# EXERCISE GOAL:
Pictures do not belong in the copy; retype the records below exactly.

# Phrase grounding data:
*** Block opens ***
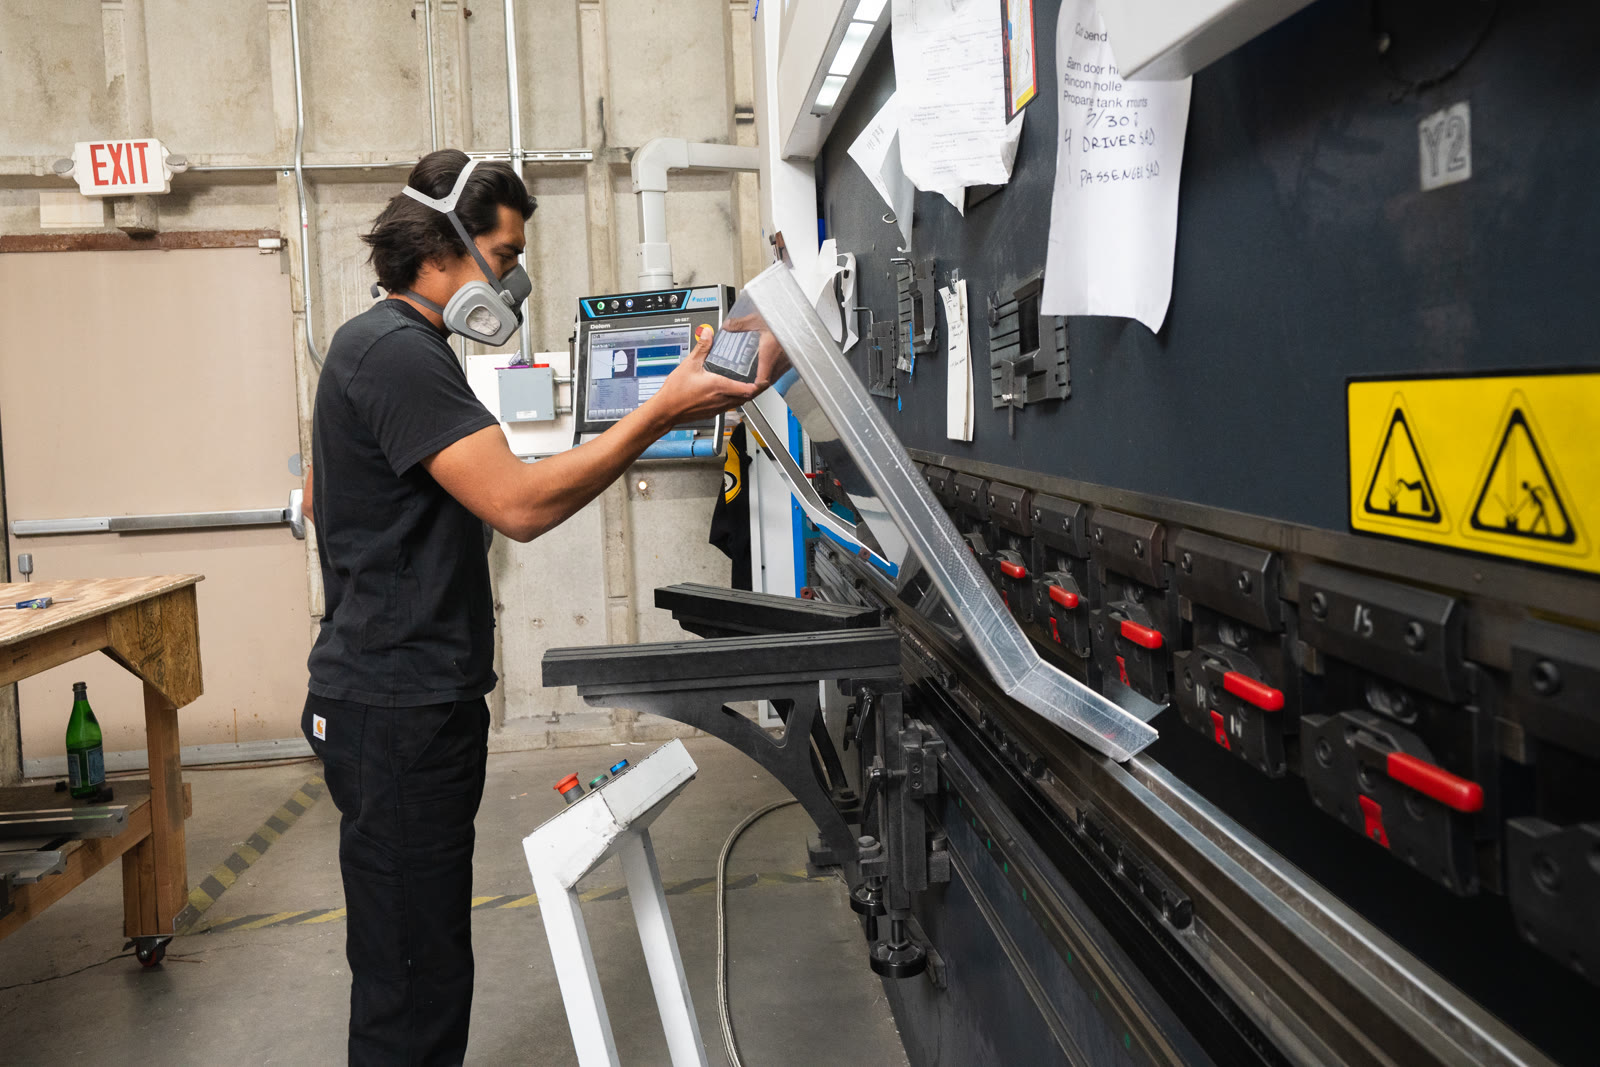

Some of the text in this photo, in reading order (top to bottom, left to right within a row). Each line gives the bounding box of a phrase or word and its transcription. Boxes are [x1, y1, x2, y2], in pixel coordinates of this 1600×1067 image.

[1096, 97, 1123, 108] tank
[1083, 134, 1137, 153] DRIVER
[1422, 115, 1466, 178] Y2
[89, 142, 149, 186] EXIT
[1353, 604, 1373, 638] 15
*** Block closes ***
# ANSWER TO THE PROBLEM:
Some of the text in this photo, in reading order (top to bottom, left to right within a row). Each line gives the bounding box of a phrase or word and its transcription. Boxes are [x1, y1, x2, y2], in pixel coordinates of this 1600×1067 image.

[1096, 97, 1123, 108] tank
[1083, 134, 1137, 153] DRIVER
[1422, 115, 1466, 178] Y2
[89, 142, 149, 186] EXIT
[1353, 604, 1373, 638] 15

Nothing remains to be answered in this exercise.